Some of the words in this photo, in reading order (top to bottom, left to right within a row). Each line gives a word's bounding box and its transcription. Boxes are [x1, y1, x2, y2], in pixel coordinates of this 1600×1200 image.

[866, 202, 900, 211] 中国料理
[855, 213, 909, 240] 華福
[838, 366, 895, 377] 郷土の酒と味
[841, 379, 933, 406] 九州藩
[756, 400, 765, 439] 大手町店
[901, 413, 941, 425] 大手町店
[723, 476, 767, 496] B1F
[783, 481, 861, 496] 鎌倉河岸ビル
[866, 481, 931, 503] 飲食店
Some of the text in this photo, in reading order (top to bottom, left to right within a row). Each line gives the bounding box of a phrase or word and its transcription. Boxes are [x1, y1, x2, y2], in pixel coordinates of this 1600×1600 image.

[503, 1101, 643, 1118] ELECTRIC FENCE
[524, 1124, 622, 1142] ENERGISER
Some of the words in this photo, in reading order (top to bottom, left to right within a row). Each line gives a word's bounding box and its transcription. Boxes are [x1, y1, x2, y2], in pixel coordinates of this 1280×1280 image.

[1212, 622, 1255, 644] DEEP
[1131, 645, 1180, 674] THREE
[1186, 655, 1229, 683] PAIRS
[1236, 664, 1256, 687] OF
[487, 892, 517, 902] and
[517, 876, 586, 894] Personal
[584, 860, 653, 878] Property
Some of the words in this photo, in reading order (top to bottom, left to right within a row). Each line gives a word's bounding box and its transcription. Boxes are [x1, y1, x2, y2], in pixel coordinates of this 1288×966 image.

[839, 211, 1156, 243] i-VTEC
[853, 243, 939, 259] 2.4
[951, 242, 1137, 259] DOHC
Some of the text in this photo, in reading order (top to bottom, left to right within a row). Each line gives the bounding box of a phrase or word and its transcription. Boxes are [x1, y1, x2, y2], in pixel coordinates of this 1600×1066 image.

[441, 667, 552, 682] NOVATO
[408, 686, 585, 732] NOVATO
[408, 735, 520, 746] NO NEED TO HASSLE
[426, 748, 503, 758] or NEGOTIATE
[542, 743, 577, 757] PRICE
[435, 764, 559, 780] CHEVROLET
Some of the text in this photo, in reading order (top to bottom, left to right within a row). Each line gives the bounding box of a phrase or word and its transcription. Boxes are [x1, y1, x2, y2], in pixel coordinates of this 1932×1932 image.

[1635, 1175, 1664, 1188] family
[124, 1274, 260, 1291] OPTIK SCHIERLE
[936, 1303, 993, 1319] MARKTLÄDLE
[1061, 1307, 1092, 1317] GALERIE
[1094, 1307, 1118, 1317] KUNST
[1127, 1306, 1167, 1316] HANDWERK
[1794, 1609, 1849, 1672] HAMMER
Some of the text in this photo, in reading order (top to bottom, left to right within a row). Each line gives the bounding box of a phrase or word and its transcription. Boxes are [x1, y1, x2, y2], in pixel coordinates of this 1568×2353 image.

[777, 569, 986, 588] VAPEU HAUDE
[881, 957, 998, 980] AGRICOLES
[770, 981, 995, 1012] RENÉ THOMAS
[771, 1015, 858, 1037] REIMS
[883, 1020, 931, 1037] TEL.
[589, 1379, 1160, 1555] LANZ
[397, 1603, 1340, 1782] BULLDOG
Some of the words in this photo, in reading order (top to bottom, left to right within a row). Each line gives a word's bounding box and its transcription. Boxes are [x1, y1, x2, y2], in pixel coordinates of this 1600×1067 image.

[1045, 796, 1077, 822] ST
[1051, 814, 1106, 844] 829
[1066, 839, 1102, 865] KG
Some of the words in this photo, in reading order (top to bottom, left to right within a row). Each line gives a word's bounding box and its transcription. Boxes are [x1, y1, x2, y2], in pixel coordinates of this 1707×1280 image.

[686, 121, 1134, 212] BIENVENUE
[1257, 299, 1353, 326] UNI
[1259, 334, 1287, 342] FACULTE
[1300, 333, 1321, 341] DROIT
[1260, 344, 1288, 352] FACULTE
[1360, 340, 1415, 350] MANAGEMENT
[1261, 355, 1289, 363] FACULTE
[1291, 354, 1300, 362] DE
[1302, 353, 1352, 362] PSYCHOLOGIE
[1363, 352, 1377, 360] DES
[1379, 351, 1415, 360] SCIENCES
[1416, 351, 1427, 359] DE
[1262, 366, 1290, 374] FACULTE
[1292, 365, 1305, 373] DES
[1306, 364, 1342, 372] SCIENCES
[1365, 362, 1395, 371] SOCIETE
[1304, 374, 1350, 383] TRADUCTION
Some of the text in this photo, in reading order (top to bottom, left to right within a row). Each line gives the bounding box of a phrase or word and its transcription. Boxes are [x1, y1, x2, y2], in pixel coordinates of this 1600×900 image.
◇ ◇ ◇ ◇ ◇
### Description of the task
Print all the records precisely.

### Result for this task
Some of the words in this photo, in reading order (top to bottom, left to right within a row). Each line gives a word's bounding box and its transcription. Boxes are [x1, y1, x2, y2], in pixel coordinates of this 1600×1200 image.

[866, 202, 900, 211] 中国料理
[855, 213, 909, 240] 華福
[838, 366, 895, 377] 郷土の酒と味
[841, 379, 933, 406] 九州藩
[756, 400, 765, 439] 大手町店
[901, 413, 941, 425] 大手町店
[723, 476, 767, 496] B1F
[783, 481, 861, 496] 鎌倉河岸ビル
[866, 481, 931, 503] 飲食店
Some of the text in this photo, in reading order (top to bottom, left to right within a row). Each line gives the bounding box of a phrase or word and its transcription. Boxes are [x1, y1, x2, y2], in pixel coordinates of this 1600×1600 image.

[503, 1101, 643, 1118] ELECTRIC FENCE
[524, 1124, 622, 1142] ENERGISER
Some of the words in this photo, in reading order (top to bottom, left to right within a row). Each line gives a word's bounding box and its transcription. Boxes are [x1, y1, x2, y2], in pixel coordinates of this 1280×1280 image.

[1212, 622, 1255, 644] DEEP
[1131, 645, 1180, 674] THREE
[1186, 655, 1229, 683] PAIRS
[1236, 664, 1256, 687] OF
[487, 892, 517, 902] and
[517, 876, 586, 894] Personal
[584, 860, 653, 878] Property
Some of the words in this photo, in reading order (top to bottom, left to right within a row). Each line gives a word's bounding box and its transcription. Boxes are [x1, y1, x2, y2], in pixel coordinates of this 1288×966 image.

[839, 211, 1156, 243] i-VTEC
[853, 243, 939, 259] 2.4
[951, 242, 1137, 259] DOHC
Some of the text in this photo, in reading order (top to bottom, left to right within a row). Each line gives the bounding box of a phrase or word and its transcription. Boxes are [x1, y1, x2, y2], in pixel coordinates of this 1600×1066 image.

[441, 667, 552, 682] NOVATO
[408, 686, 585, 732] NOVATO
[408, 735, 520, 746] NO NEED TO HASSLE
[426, 748, 503, 758] or NEGOTIATE
[542, 743, 577, 757] PRICE
[435, 764, 559, 780] CHEVROLET
Some of the text in this photo, in reading order (top to bottom, left to right within a row). Each line gives the bounding box of a phrase or word and its transcription. Boxes are [x1, y1, x2, y2], in pixel coordinates of this 1932×1932 image.

[1635, 1175, 1664, 1188] family
[124, 1274, 260, 1291] OPTIK SCHIERLE
[936, 1303, 993, 1319] MARKTLÄDLE
[1061, 1307, 1092, 1317] GALERIE
[1094, 1307, 1118, 1317] KUNST
[1127, 1306, 1167, 1316] HANDWERK
[1794, 1609, 1849, 1672] HAMMER
Some of the text in this photo, in reading order (top to bottom, left to right within a row). Each line gives the bounding box of a phrase or word and its transcription. Boxes are [x1, y1, x2, y2], in pixel coordinates of this 1568×2353 image.

[777, 569, 986, 588] VAPEU HAUDE
[881, 957, 998, 980] AGRICOLES
[770, 981, 995, 1012] RENÉ THOMAS
[771, 1015, 858, 1037] REIMS
[883, 1020, 931, 1037] TEL.
[589, 1379, 1160, 1555] LANZ
[397, 1603, 1340, 1782] BULLDOG
Some of the words in this photo, in reading order (top to bottom, left to right within a row). Each line gives a word's bounding box and its transcription. Boxes are [x1, y1, x2, y2], in pixel coordinates of this 1600×1067 image.

[1045, 796, 1077, 822] ST
[1051, 814, 1106, 844] 829
[1066, 839, 1102, 865] KG
Some of the words in this photo, in reading order (top to bottom, left to right within a row). Each line gives a word's bounding box and its transcription. Boxes are [x1, y1, x2, y2], in pixel coordinates of this 1707×1280 image.

[686, 121, 1134, 212] BIENVENUE
[1257, 299, 1353, 326] UNI
[1259, 334, 1287, 342] FACULTE
[1300, 333, 1321, 341] DROIT
[1260, 344, 1288, 352] FACULTE
[1360, 340, 1415, 350] MANAGEMENT
[1261, 355, 1289, 363] FACULTE
[1291, 354, 1300, 362] DE
[1302, 353, 1352, 362] PSYCHOLOGIE
[1363, 352, 1377, 360] DES
[1379, 351, 1415, 360] SCIENCES
[1416, 351, 1427, 359] DE
[1262, 366, 1290, 374] FACULTE
[1292, 365, 1305, 373] DES
[1306, 364, 1342, 372] SCIENCES
[1365, 362, 1395, 371] SOCIETE
[1304, 374, 1350, 383] TRADUCTION
Some of the text in this photo, in reading order (top to bottom, left to right within a row). Each line gives the bounding box of a phrase or word and its transcription. Boxes are [x1, y1, x2, y2], in pixel coordinates of this 1600×900 image.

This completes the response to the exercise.